UN watchdog confirms Syria mustard gas use, chlorine attack
The UN chemical weapons watchdog Friday confirmed with "utmost confidence" that mustard gas was used in Syria in August during fighting between rebels and jihadists and "likely" killed a child.
Experts from the Organisation for the Prohibition of Chemical Weapons also found toxic chemicals, including chlorine, were likely used "as a weapon" in an attack in Idlib province in March, the OPCW said in statement.
Three reports have been sent by the head of the OPCW to the body's 192 members after separate missions to investigate incidents in Syria.
In one attack in the town of Marea in Aleppo province on August 21, the OPCW team investigated after "a non-state actor had allegedly used a chemical weapon."
They collected samples and "interviewed two individuals affected by exposure" as well as the doctors that treated them.

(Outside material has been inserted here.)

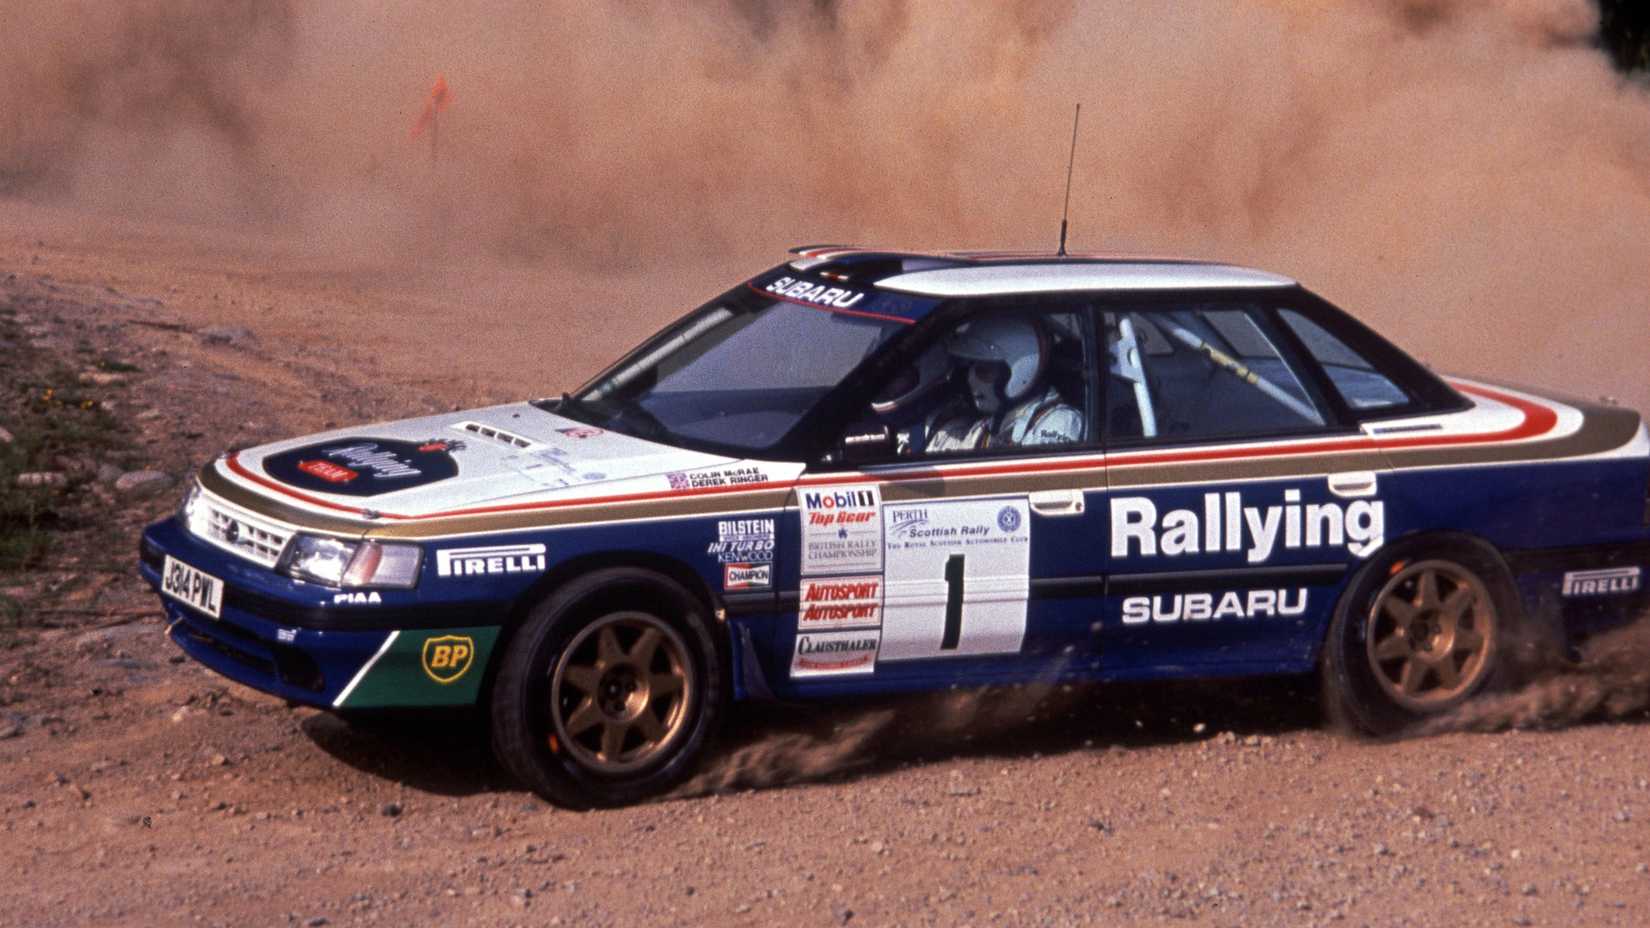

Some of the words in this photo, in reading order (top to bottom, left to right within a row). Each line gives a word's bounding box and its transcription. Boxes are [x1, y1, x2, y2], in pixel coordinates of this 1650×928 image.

"In this case, the team was able to confirm with utmost confidence that at least two people were exposed to sulphur mustard, and that it is very likely that the effects of this chemical weapon resulted in the death of an infant," the OPCW statement said.

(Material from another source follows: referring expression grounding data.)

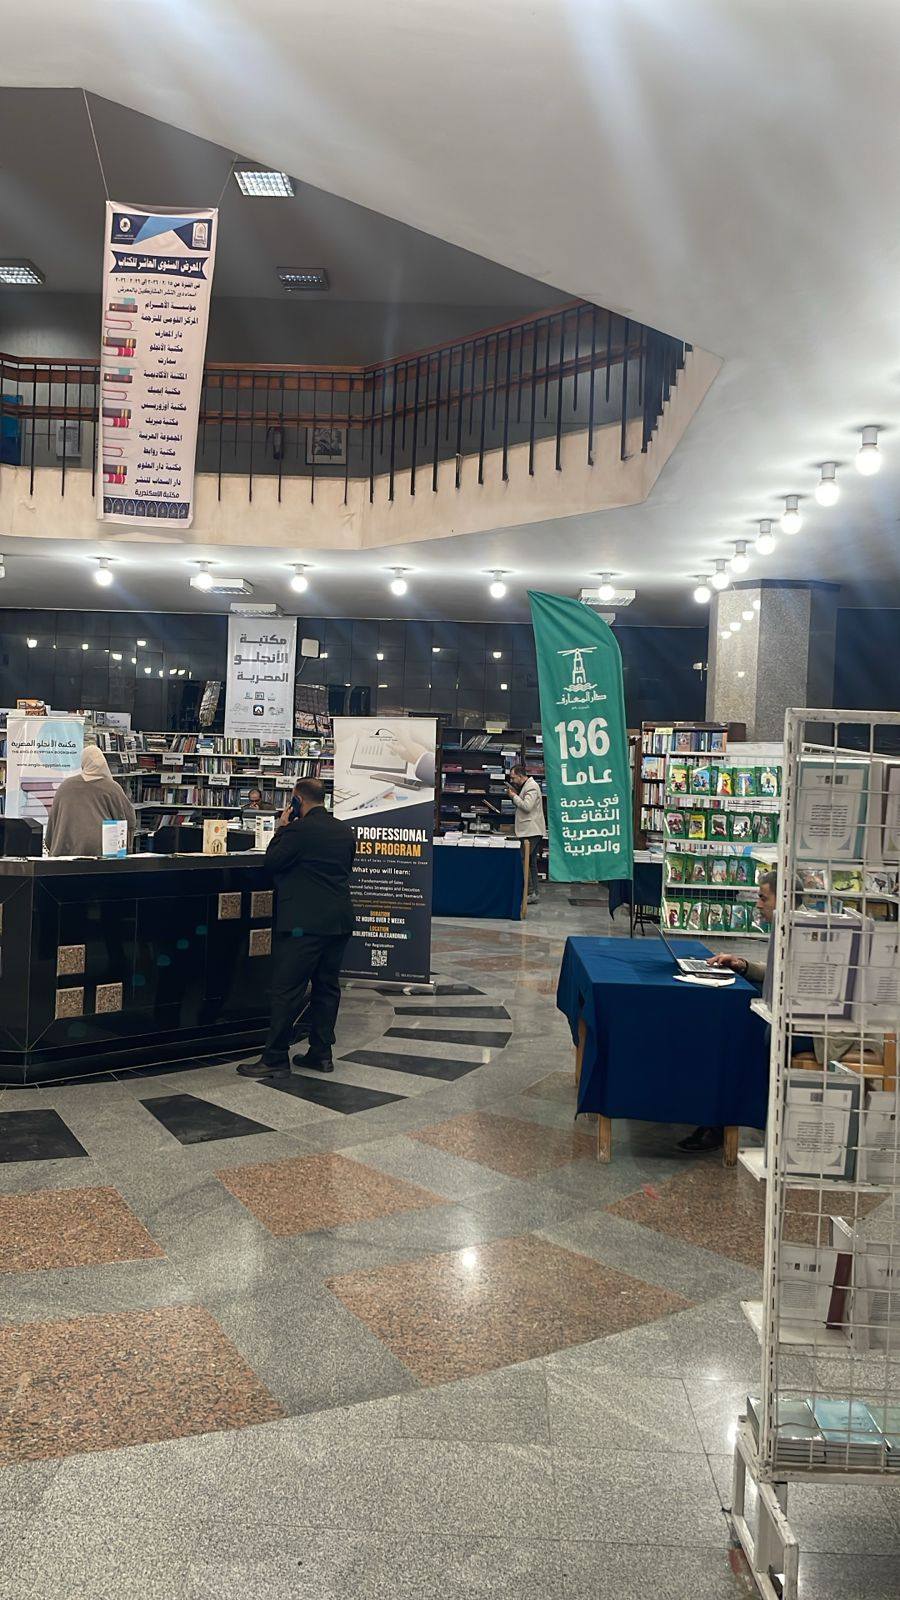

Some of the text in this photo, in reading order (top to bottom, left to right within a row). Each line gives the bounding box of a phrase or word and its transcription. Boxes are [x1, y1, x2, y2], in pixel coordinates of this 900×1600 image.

[118, 257, 137, 268] للكتاب
[138, 258, 157, 270] العاشر
[180, 260, 201, 273] المعرض
[184, 317, 198, 325] المركز
[155, 330, 173, 338] المعارف
[167, 344, 183, 352] مكتبة
[164, 386, 180, 395] مكتبة
[170, 403, 186, 411] مكتبة
[160, 448, 176, 456] مكتبة
[165, 463, 182, 472] مكتبة
[172, 479, 181, 487] دار
[163, 491, 180, 499] مكتبة
[240, 633, 287, 646] مكتبة
[234, 650, 288, 665] الأنجلو
[237, 671, 288, 684] المصرية
[554, 717, 611, 760] 136
[561, 796, 595, 808] خدمة
[561, 808, 620, 823] الثقافة
[357, 826, 428, 842] PROFESSIONAL
[562, 824, 620, 840] المصرية
[356, 841, 421, 857] LES PROGRAM
[564, 840, 620, 856] والعربية

Experts also probed allegations that toxic chemicals were unleashed in March in northwestern Idlib.
The team "concluded that the alleged incidents likely involved the use of one or more toxic chemicals – including chlorine – as a weapon."
However, in the third incident in which the Syrian government said its soldiers had been exposed to toxic chemicals in Jobar on the eastern edge of Damascus on August 29, the OPCW "could not confidently determine that a chemical was used as a weapon."